Terms and Conditions
CONFIDENTIAL INFORMATION AND MATERIALS:
“Confidential Information” shall mean any nonpublic information that the client specifically marks and designates, either orally or in writing, as confidential or which, under the circumstances surrounding the disclosure, ought to be treated as confidential or which the Ultrawebsoft creates or produces in the course of performing services for the client.
“Confidential Information” includes, but is not limited to, product schematics or drawings, descriptive material, specifications, software (source code or object code), sales and customer information, the Client’s business policies or practices, information received from others that the Client is obligated to treat as confidential and other materials and information of a confidential nature.
“Confidential Information” shall not include any materials or information which the Ultrawebsoft shows at the time of disclosure generally known by or available to the public or became so known or available thereafter through no fault of the Ultrawebsoft
“Confidential Materials” shall mean all tangible materials containing confidential information, including without limitation drawings, schematics, written or printed documents, computer disks, tapes, and compact disks (CD), whether machine or user readable.
Ultrawebsoft shall not disclose any Confidential Information to third parties without the prior written authorization of the Client. Notwithstanding the foregoing, Ultrawebsoft shall not at any time disclose to any third party any Confidential Information comprising a trade secret of the Client or any Confidential Information of any other party to whom the Client owes an obligation. However, Ultrawebsoft may disclose Confidential Information in accordance with judicial or other governmental orders, provided Ultrawebsoft shall give the Client reasonable notice prior to such disclosure and shall comply with any applicable protective order or equivalent.
Ultrawebsoft shall not use any Confidential Information or Confidential Materials of the Client for any purposes except those expressly contemplated hereby or as authorized by the Client.

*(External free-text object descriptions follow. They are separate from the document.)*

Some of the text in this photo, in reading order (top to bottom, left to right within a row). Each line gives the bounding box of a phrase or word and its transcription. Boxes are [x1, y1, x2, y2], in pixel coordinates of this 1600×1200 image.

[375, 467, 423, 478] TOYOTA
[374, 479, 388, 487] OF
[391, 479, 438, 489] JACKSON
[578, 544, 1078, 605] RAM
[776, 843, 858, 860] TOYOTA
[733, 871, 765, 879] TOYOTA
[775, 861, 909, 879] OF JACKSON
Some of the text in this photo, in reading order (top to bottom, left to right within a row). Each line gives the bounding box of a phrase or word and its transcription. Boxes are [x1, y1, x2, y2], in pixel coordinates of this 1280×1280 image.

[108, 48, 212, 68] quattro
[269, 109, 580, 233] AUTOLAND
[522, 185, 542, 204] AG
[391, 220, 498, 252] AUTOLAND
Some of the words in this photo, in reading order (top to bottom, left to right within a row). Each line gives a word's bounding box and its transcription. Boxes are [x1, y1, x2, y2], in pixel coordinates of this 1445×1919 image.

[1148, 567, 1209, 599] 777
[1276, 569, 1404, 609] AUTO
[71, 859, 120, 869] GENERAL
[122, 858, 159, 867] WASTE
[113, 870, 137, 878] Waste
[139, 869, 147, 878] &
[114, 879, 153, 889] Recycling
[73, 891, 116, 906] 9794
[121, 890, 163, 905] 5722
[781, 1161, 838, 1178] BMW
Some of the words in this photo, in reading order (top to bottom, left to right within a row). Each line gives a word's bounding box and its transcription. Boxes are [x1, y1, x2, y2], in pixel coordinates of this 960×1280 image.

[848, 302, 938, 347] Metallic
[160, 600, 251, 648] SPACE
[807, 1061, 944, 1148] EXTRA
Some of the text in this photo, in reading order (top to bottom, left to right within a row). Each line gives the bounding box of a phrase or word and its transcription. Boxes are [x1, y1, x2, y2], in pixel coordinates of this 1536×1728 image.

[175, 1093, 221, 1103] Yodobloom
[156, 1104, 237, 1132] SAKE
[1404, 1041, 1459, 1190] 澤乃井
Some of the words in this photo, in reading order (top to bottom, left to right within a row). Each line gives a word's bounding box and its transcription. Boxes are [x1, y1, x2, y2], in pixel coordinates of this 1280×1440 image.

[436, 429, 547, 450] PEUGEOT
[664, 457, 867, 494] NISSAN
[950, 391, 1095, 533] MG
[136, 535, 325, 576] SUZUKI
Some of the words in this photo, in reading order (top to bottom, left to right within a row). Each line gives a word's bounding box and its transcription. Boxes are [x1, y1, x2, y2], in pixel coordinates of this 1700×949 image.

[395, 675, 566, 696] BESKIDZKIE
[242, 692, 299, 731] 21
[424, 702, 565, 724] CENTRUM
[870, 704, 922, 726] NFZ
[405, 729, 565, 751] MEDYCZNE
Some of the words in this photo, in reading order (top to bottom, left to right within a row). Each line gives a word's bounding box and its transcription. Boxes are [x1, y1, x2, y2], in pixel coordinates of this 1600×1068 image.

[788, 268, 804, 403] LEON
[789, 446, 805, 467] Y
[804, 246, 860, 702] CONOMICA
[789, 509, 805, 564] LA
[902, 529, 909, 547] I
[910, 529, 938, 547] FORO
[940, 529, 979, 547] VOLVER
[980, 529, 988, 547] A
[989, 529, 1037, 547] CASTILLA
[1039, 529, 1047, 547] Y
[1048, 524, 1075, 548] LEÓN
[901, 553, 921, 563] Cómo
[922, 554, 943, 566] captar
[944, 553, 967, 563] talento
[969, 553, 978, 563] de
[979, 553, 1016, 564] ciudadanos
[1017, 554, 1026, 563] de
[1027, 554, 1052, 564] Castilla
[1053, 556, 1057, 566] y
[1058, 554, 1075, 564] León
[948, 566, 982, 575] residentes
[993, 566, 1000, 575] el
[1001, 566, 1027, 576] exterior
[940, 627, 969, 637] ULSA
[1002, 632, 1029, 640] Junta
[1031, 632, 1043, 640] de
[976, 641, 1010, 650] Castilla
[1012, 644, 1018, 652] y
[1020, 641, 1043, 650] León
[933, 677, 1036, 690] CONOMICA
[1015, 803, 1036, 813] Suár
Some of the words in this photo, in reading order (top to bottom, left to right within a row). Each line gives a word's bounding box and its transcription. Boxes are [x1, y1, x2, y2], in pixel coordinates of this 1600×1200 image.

Ultrawebsoft shall take reasonable security precautions, which shall in any event be as great as the precautions it takes to protect its own confidential information, to keep confidential the Confidential Information. Ultrawebsoft may disclose Confidential Information or Confidential Materials only to Ultrawebsoft’s employees or consultants on a need-to-know basis. Ultrawebsoft shall instruct all employees given access to the information to maintain confidentiality and to refrain from making unauthorized copies. Ultrawebsoft shall maintain appropriate written agreements with its employees, consultants, parent, subsidiaries, affiliates or related parties, who receive, or have access to, Confidential Information sufficient to enable it to comply with the terms of this Agreement.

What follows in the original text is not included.